We may think that the God I believe in is not like that. Again, the Old Testament is full of the history of Israel’s idolatry, worshiping false gods. Things haven’t changed much. They just take on a different form in our postmodern world.

Morality will never bring peace to this world. Notice how the more laws we make, the bloodier we become.
Feminism has its victory and we slaughter babies in their mothers womb and men more and more see women as objects of sexual pleasure.

There is no true peace outside of Jesus Christ. As a fellow artist, you may some day find that art will leave you hungry, and empty, always wanting to do more. We think that the next success will lead to our satisfaction, but it is an empty well.

I write this not to be right. I don’t care about winning arguments, and frankly, I’m pretty bad at it as you could tell.
I don’t care about conservatism and political movements. But I do care that people know the glorious gospel of Jesus Christ and pray that they will come to know the incredible and lasting joy of the Lord.

All of the world’s experiments of unity through diversity are failures…just look at a college campus. But there is true unity in Christ, since he makes his own all brothers and sisters in him. In Christ we are all made equal in what Christ does for us, not in what we do.

Blessings,
XXX

———–

And with thoughts.

Sorry, I thought it more appropriate now to respond AKA proselytize with a message.

BTW, I’m an XXXX graduate. I was a XXX Fraternity and have that mark of shame branded on my ankle, though I do love many of the friends I made in the fraternity.

K, much as I hate Greek life and think tattoos are tacky, mark of shame?  Really?  I’m already so creeped out I don’t want to read the rest.

The judgments of the Old Testament are nothing in comparison to what the Holy Spirit has revealed will happen when Christ comes to judge the world in the book of Revelation. According to Revelation, people will beg to be stoned to escape God’s wrath. Christ also makes many references to this as well in the gospels.

Read: Blah blah blah End Times blah blah.  Yeah, I read the Left Behind novels… started, and then it got too stupid.  Here’s the thing, who wants anything to do with the dickhead God who did all of those things in the OT and is going to do all those things in the future?  He may be ineffable, but a dick move is a dick move.  Trying to scare me into worshipping God isn’t going to work.
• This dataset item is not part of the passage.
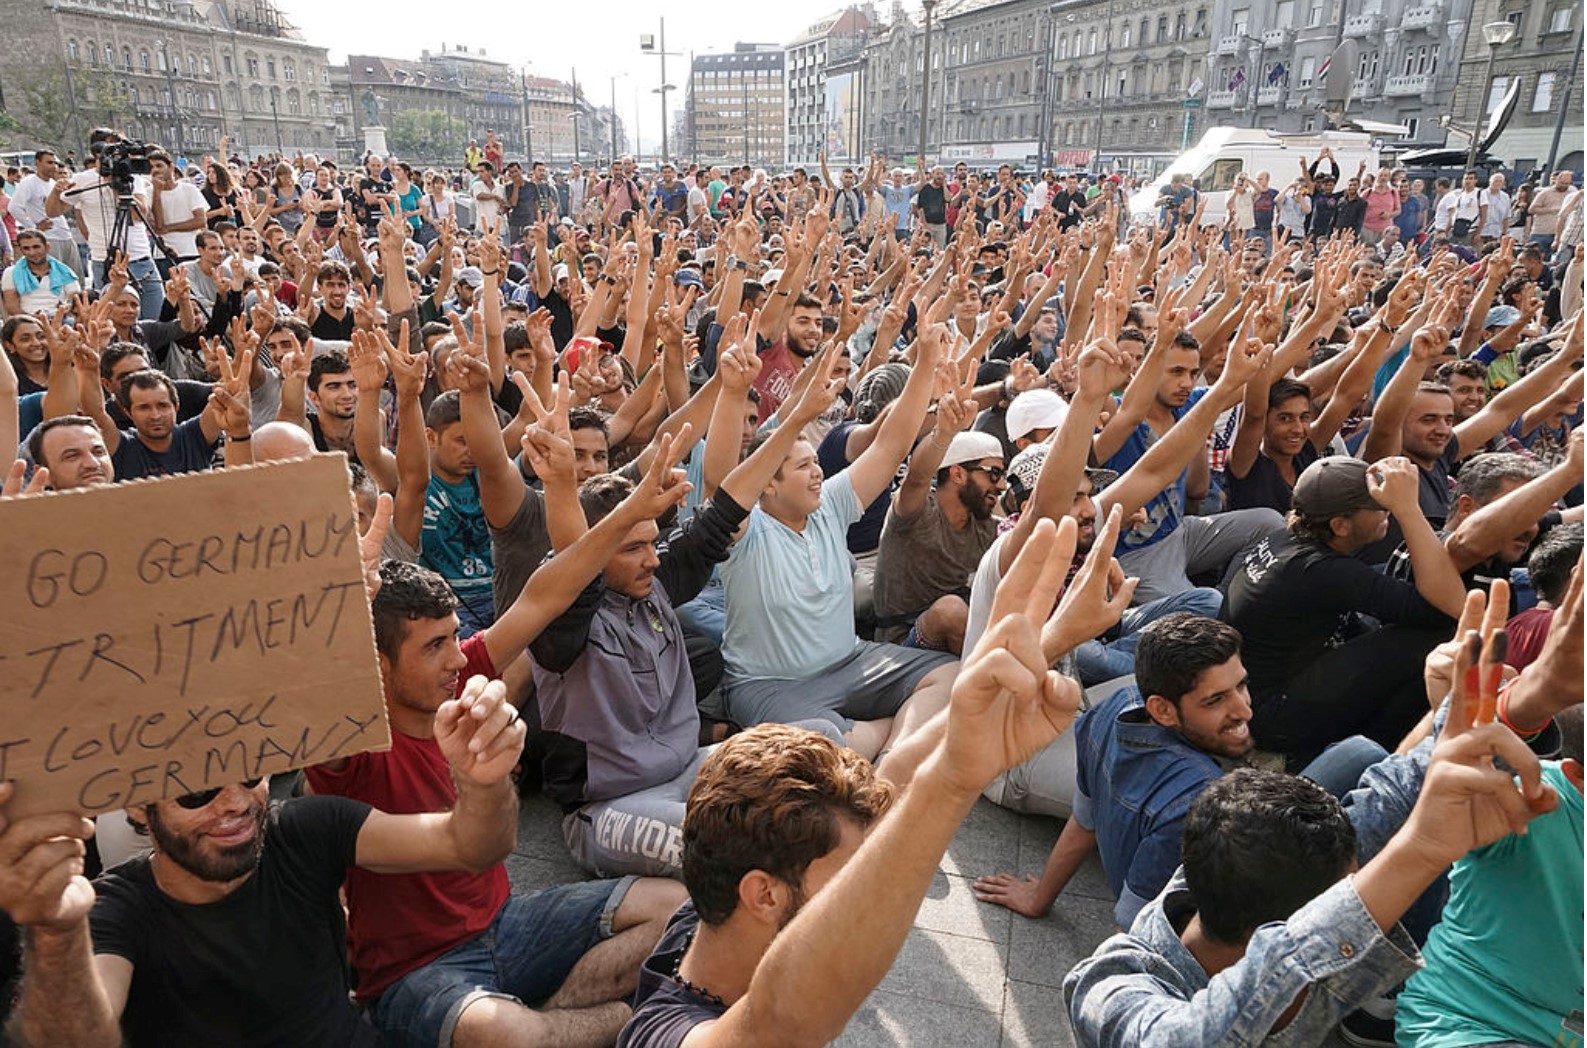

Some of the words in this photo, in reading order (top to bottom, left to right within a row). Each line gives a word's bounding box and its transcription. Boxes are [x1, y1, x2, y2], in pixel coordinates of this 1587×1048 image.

So the question that this whole discussion leads to is one of belief or unbelief. Was Jesus Christ a fraud and liar? Or did he even exist?  Did other people make up myths around a real guy?  Let’s not assume he’s the bad guy here.  If he was a fraud then I’m a fool and I’m wasting my life. True. If he was who he claimed to be or who other people later claimed him to be  then I’d encourage you to read the gospels, and see how often he calls people to repentance. I’ve read the book, I have yet to be enlightened as to why I’m supposed to believe it.  And that was an if phrase, meaning you’ve gotta prove your side before I have to do anything.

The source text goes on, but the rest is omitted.